Created on 06 Jul 2026

Authors

Liuqing Wang, Dongmei Jiang, Jie Zhao, Dizhe Wei, Meng Wang

Published in

World journal of microbiology & biotechnology. Volume 42. Issue 7. Jul 06, 2026. Epub Jul 06, 2026.

Abstract

Alternaria alternata is a destructive postharvest pathogen that causes fruit decay and produces multiple mycotoxins, including alternariol (AOH), alternariol monomethyl ether (AME), and tenuazonic acid (TeA), posing a serious threat to crop quality and food safety. Biocontrol stands out as a promising strategy to mitigate both fungal infection and mycotoxin production. This study investigated that Bacillus sp. Z26 effectively inhibits the mycelial growth and mycotoxin accumulation of A. alternata.
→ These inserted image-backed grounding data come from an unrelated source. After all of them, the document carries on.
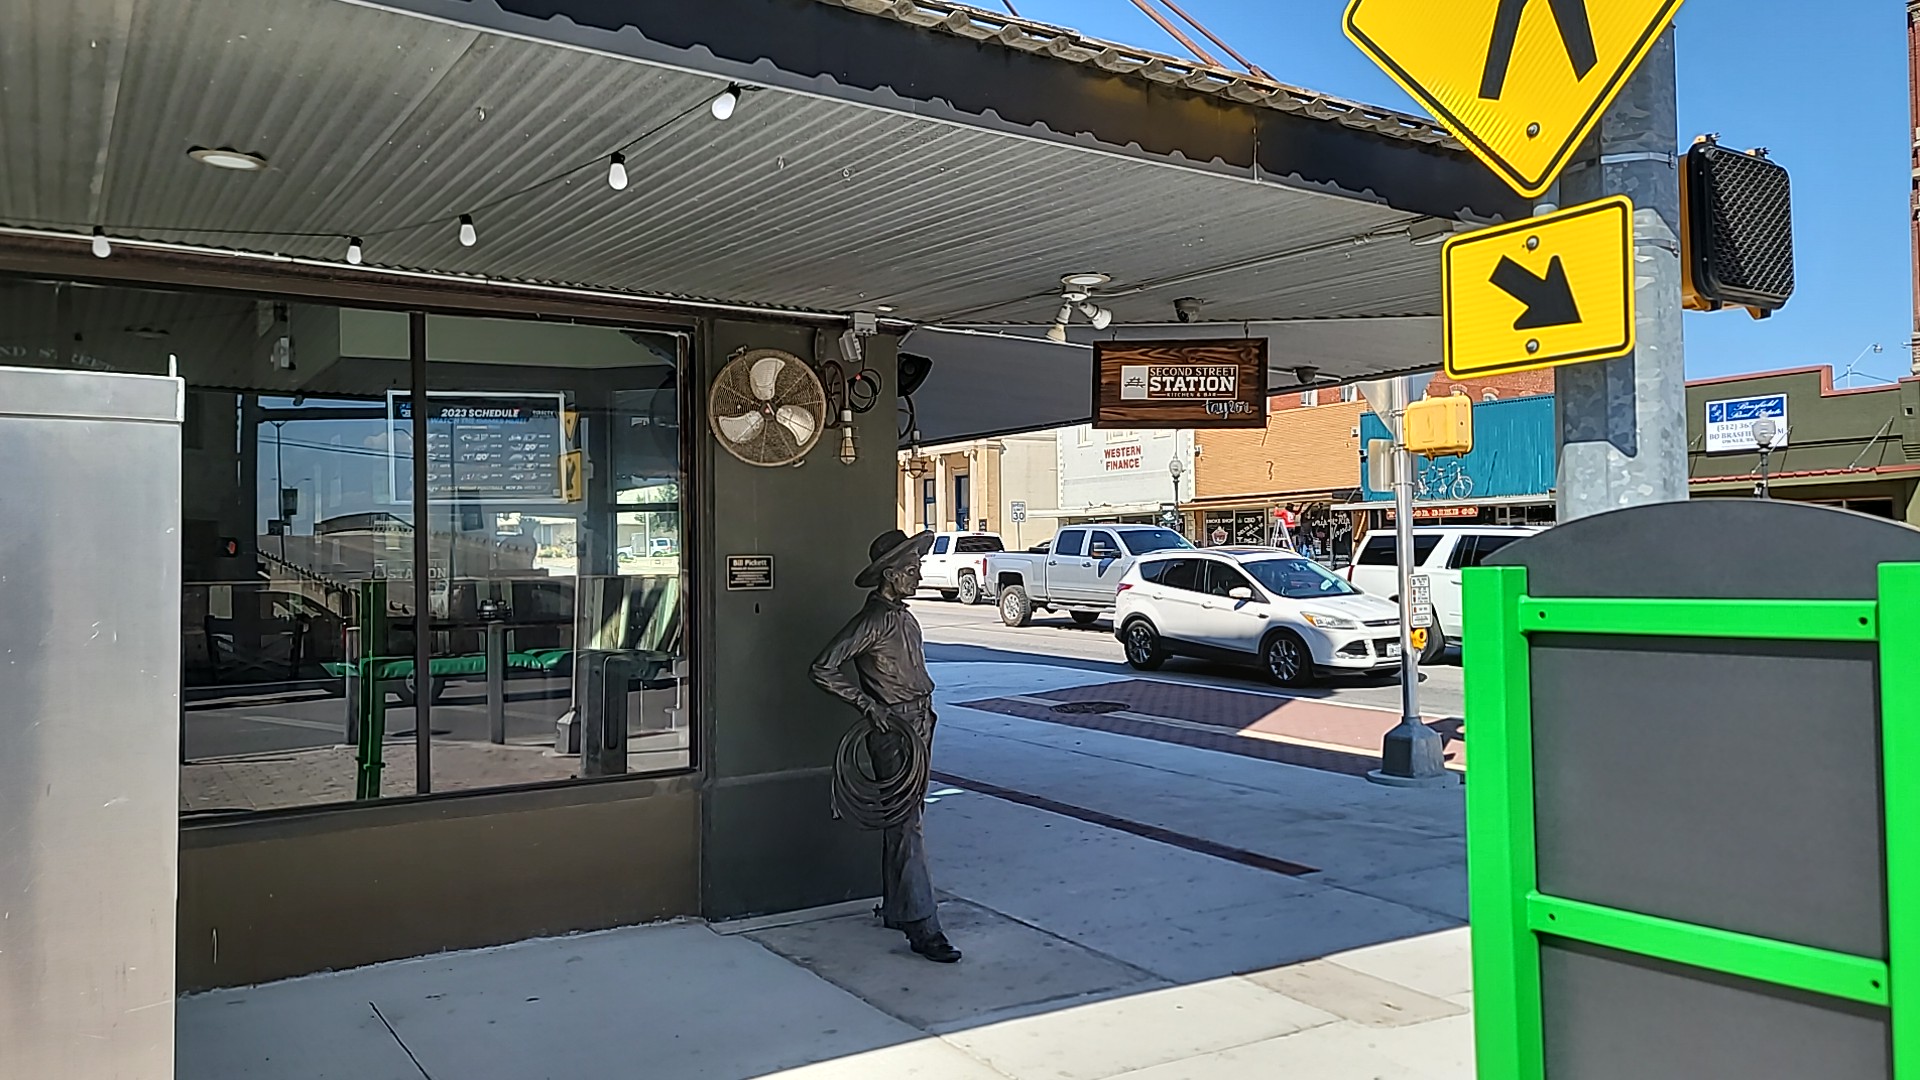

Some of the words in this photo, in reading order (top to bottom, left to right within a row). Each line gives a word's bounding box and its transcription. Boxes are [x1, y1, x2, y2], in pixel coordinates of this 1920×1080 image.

[1150, 367, 1192, 377] SECOND
[1195, 367, 1235, 376] STREET
[1150, 376, 1235, 392] STATION
[440, 408, 467, 418] 2023
[468, 408, 520, 418] SCHEDULE
[1104, 445, 1142, 459] WESTERN
[1105, 458, 1140, 471] FINANCE
[1012, 511, 1025, 520] 30
[1432, 508, 1459, 516] BIKE
[733, 559, 744, 567] Bill
Comparative transcriptomic analysis revealed that strain Z26 did not directly repress canonical mycotoxin biosynthetic gene clusters; instead, it caused extensive transcriptional reprogramming in amino acid and lipid metabolism, with peroxisome-associated pathways being prominently affected. Among the downregulated genes, AaPex13 was identified as a key peroxisome biogenesis factor potentially involved in the biocontrol process. Targeted deletion of AaPex13 significantly impaired vegetative growth, conidiation, stress tolerance, and pathogenicity of A. alternata. Notably, loss of AaPex13 almost abolished TeA biosynthesis, while only partially reducing AOH and AME accumulation, indicating distinct metabolic dependencies among these toxins. In parallel, Bacillus sp. Z26 directly and selectively degraded AOH and AME, but not TeA. In grape berry assays, strain Z26 reduced disease severity, lowered mycotoxin contamination, and induced host defense responses, as evidenced by enhanced PPO and PAL activities and increased trans-resveratrol accumulation. Collectively, these findings suggest that Bacillus sp. Z26 suppresses A. alternata through a multifaceted mechanism involving disruption of AaPex13-mediated peroxisome biogenesis, selective detoxification of AOH and AME, and activation of host resistance. This study highlights peroxisome biogenesis as a previously underappreciated vulnerability in A. alternata and provides a potential target for precision biocontrol of Alternaria-associated postharvest diseases and mycotoxin contamination.

PMID:
42406189
Bibliographic data and abstract were imported from PubMed on 06 Jul 2026.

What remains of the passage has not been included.